Exercise data:
- - -

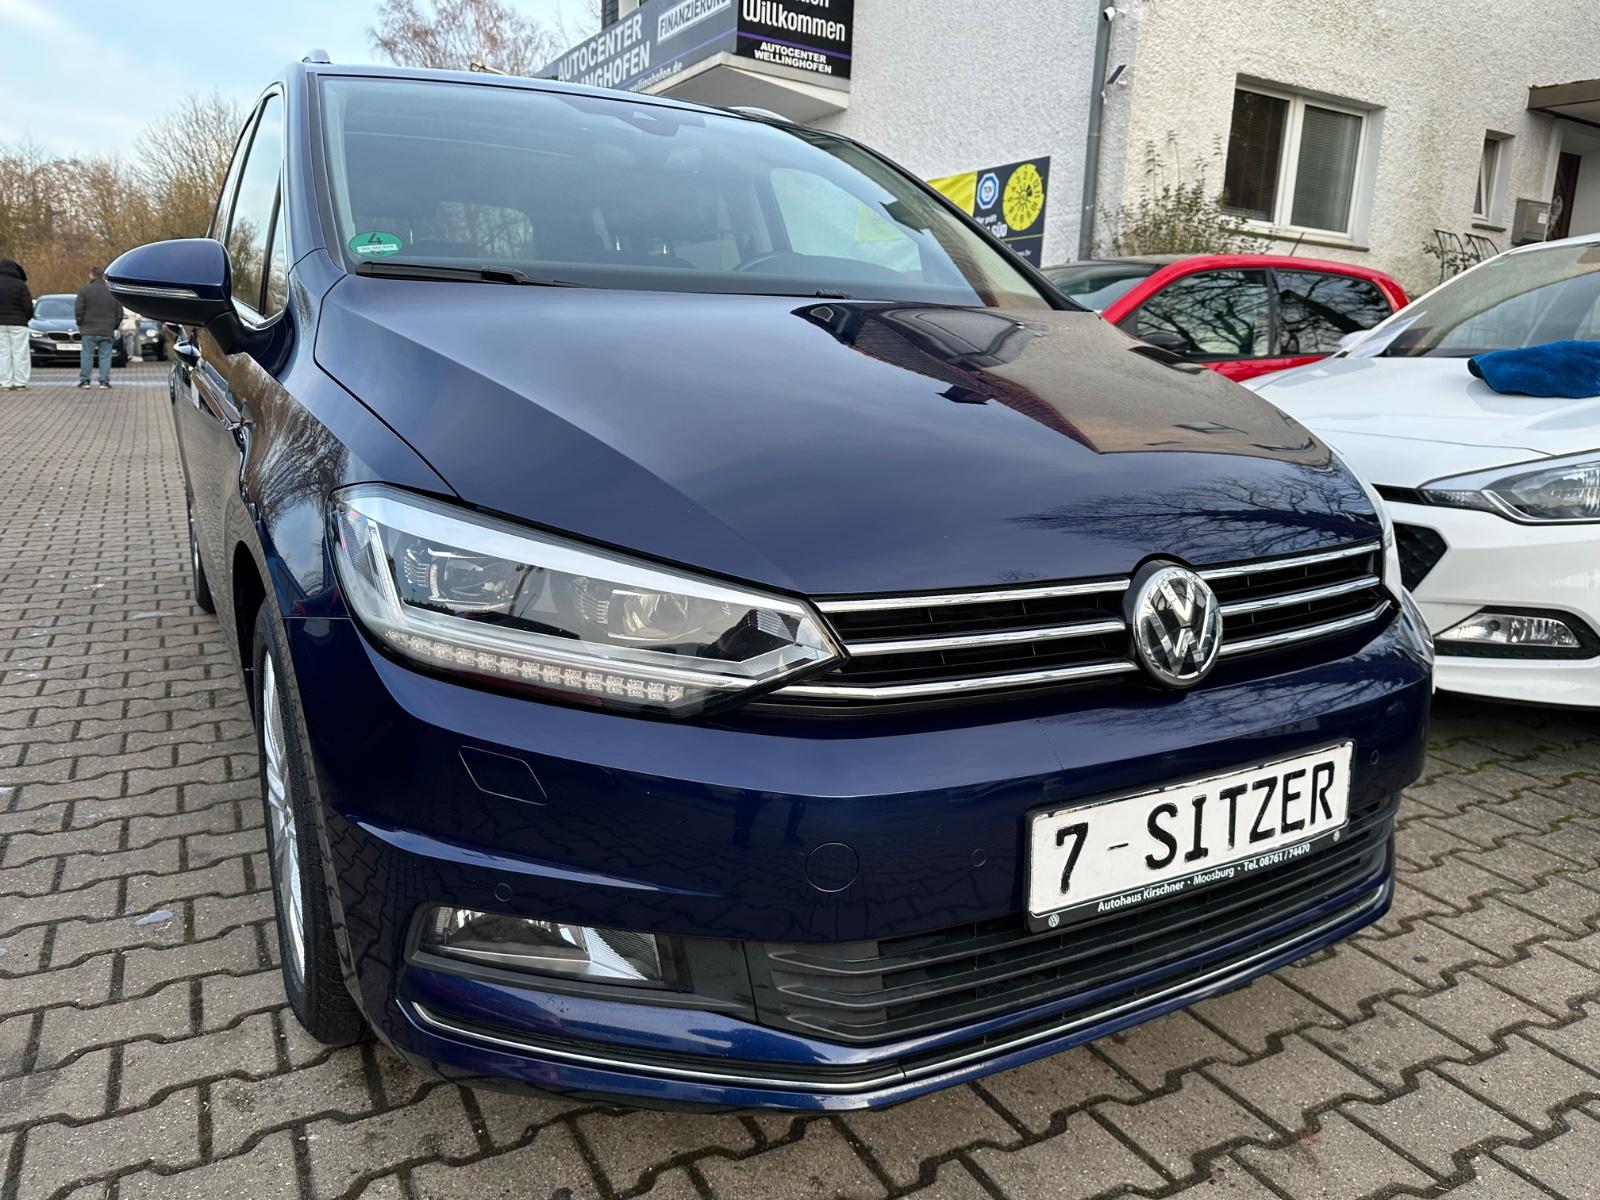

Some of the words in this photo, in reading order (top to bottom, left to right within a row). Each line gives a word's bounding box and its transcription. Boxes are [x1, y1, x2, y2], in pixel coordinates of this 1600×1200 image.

[660, 0, 726, 38] FINANZIERU
[742, 0, 845, 42] Willkommen
[558, 13, 641, 81] AUTOCENTER
[754, 49, 832, 74] WELLINGHOFEN
[760, 41, 827, 64] AUTOCENTER
[367, 232, 384, 244] 4
[1055, 821, 1089, 895] 7
[1144, 760, 1335, 870] SITZER
[1097, 892, 1142, 912] Autohaus
[1142, 880, 1185, 900] Kirschner
[1193, 866, 1235, 886] Moosburg
[1243, 860, 1260, 872] Tel.
[1259, 853, 1284, 868] 08761
[1288, 844, 1311, 860] 74470
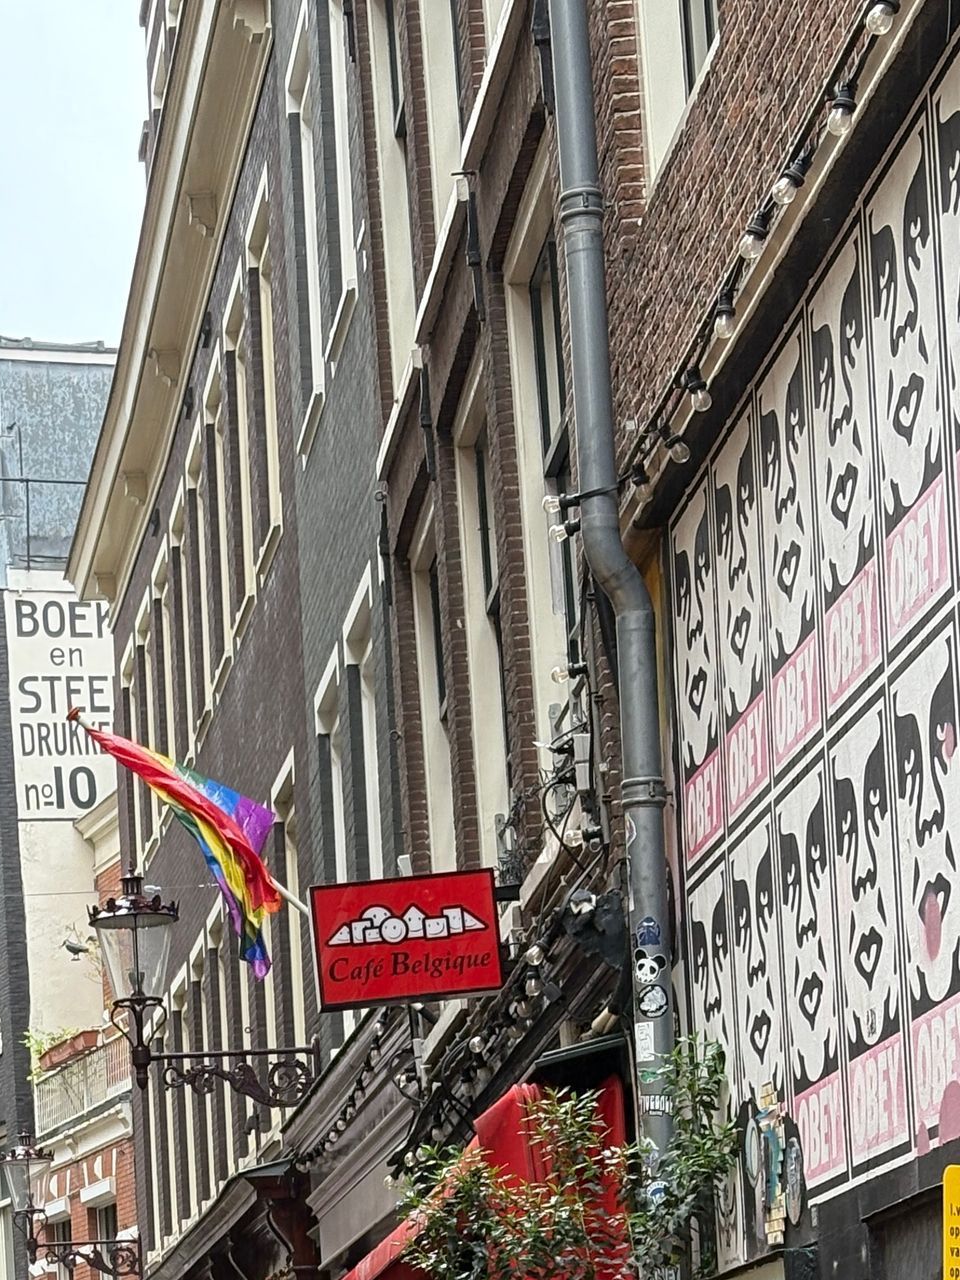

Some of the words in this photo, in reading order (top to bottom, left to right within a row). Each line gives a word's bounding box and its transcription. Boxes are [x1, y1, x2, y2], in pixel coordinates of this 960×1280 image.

[891, 485, 942, 625] OBEY
[50, 647, 83, 667] en
[829, 564, 877, 693] OBEY
[776, 636, 815, 753] OBEY
[729, 695, 764, 804] OBEY
[688, 754, 719, 851] OBEY
[329, 957, 385, 985] Café
[391, 951, 491, 978] Belgique
[853, 1041, 900, 1146] OBEY
[917, 1005, 960, 1111] OBE
[799, 1078, 839, 1175] OBEY
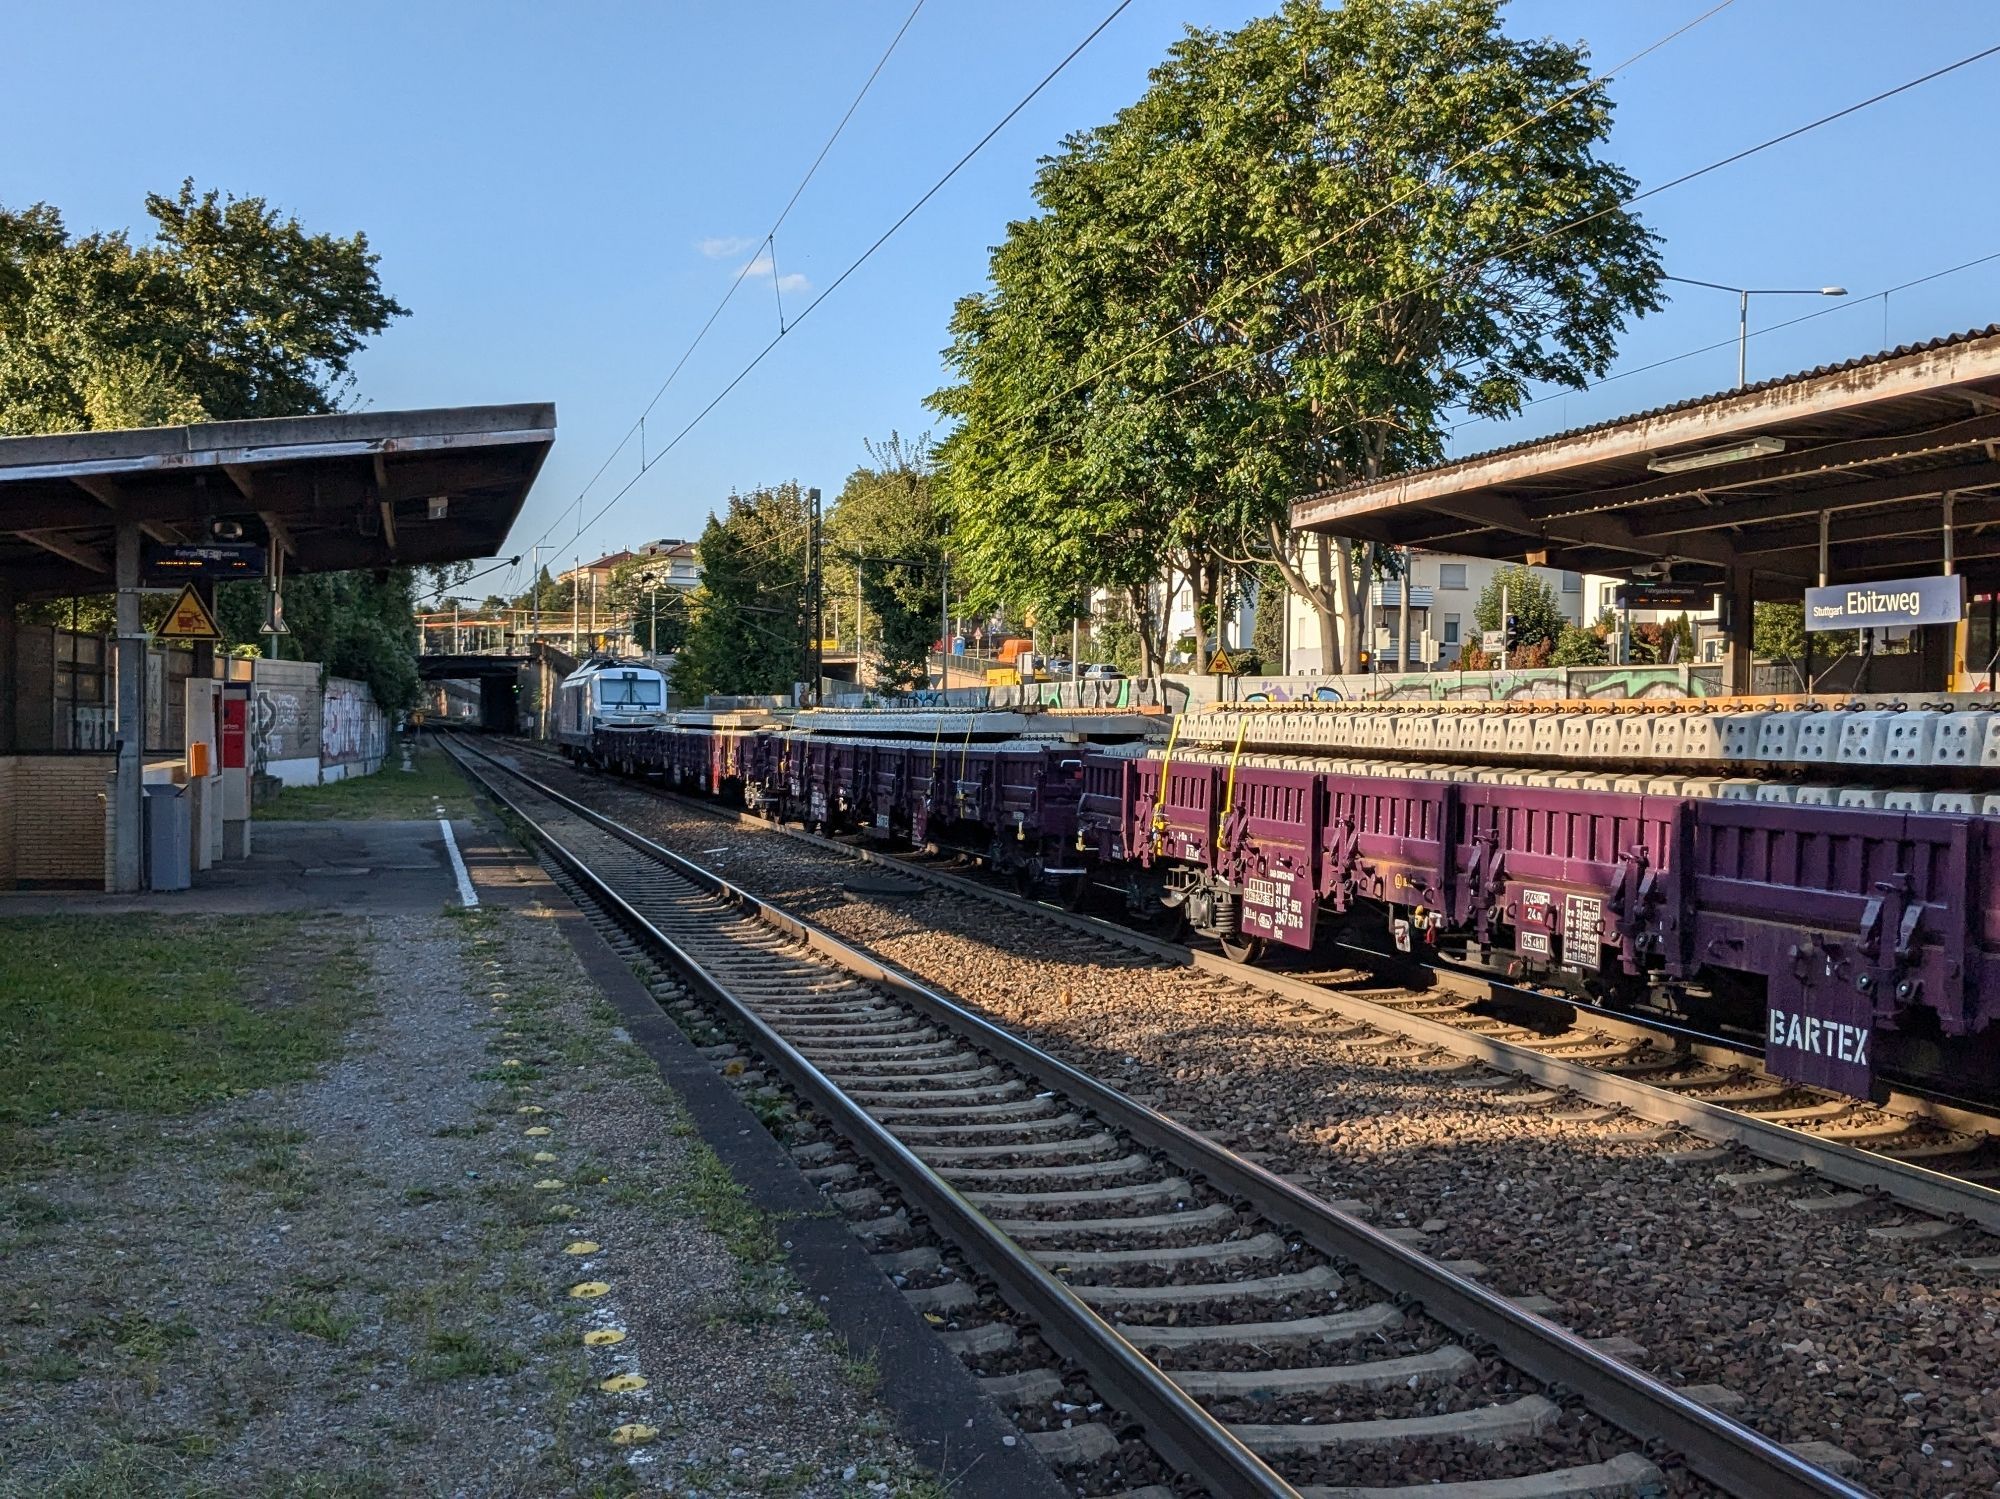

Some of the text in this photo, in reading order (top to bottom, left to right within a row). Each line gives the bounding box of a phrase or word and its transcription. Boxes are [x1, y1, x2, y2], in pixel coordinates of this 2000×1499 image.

- - -

Exercise prompt:
Take every record and copy it word for word, dropping the pictures.

Reply:
Some of the words in this photo, in reading order (top to bottom, left to right within a row). Each line gives a word's bounding box and its transcription. Boxes are [x1, y1, x2, y2], in pixel coordinates of this 1600×1200 image.

[660, 0, 726, 38] FINANZIERU
[742, 0, 845, 42] Willkommen
[558, 13, 641, 81] AUTOCENTER
[754, 49, 832, 74] WELLINGHOFEN
[760, 41, 827, 64] AUTOCENTER
[367, 232, 384, 244] 4
[1055, 821, 1089, 895] 7
[1144, 760, 1335, 870] SITZER
[1097, 892, 1142, 912] Autohaus
[1142, 880, 1185, 900] Kirschner
[1193, 866, 1235, 886] Moosburg
[1243, 860, 1260, 872] Tel.
[1259, 853, 1284, 868] 08761
[1288, 844, 1311, 860] 74470

Some of the words in this photo, in reading order (top to bottom, left to right within a row). Each line gives a word's bounding box and its transcription. Boxes are [x1, y1, x2, y2], in pixel coordinates of this 960×1280 image.

[891, 485, 942, 625] OBEY
[50, 647, 83, 667] en
[829, 564, 877, 693] OBEY
[776, 636, 815, 753] OBEY
[729, 695, 764, 804] OBEY
[688, 754, 719, 851] OBEY
[329, 957, 385, 985] Café
[391, 951, 491, 978] Belgique
[853, 1041, 900, 1146] OBEY
[917, 1005, 960, 1111] OBE
[799, 1078, 839, 1175] OBEY

Some of the text in this photo, in reading order (top to bottom, left to right within a row). Each line gives the bounding box of a phrase or word and its transcription. Boxes are [x1, y1, x2, y2], in pixel coordinates of this 2000×1499 image.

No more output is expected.